--- START ---

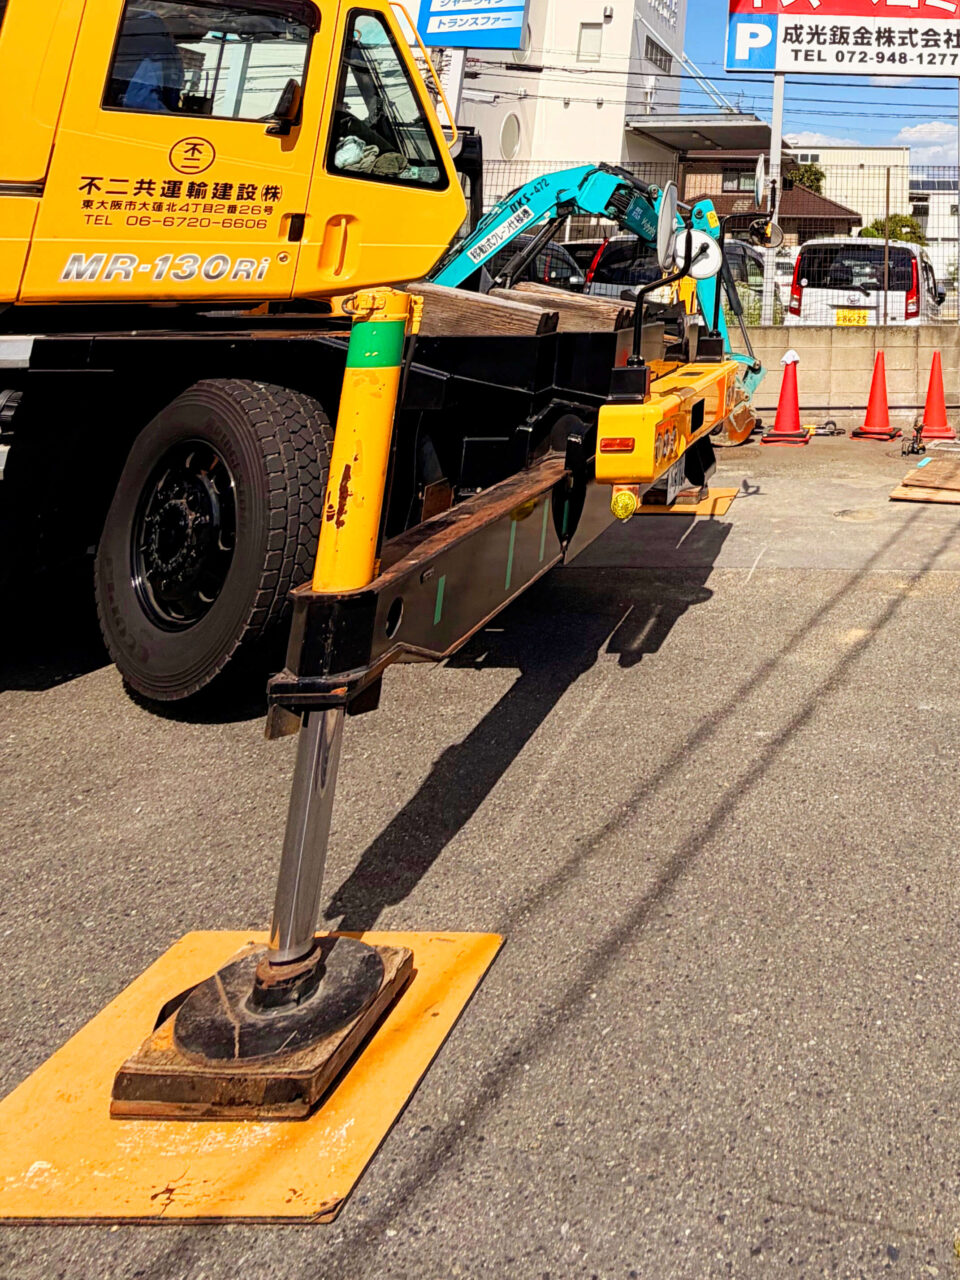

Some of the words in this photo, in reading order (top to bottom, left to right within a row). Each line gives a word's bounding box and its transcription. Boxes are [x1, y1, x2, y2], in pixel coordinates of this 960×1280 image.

[437, 16, 513, 29] トランスファー
[735, 23, 773, 60] P
[791, 49, 827, 62] TEL
[835, 50, 959, 66] 072-948-1277
[83, 214, 113, 226] TEL
[125, 215, 268, 230] 06-6720-6606

--- END ---

▸ Exercise details
Leave the pictures out and return the rest of the listing exactly.

▸ Task response
Some of the words in this photo, in reading order (top to bottom, left to right within a row). Each line gives a word's bounding box and its transcription. Boxes are [x1, y1, x2, y2], in pixel coordinates of this 960×1280 image.

[437, 16, 513, 29] トランスファー
[735, 23, 773, 60] P
[791, 49, 827, 62] TEL
[835, 50, 959, 66] 072-948-1277
[83, 214, 113, 226] TEL
[125, 215, 268, 230] 06-6720-6606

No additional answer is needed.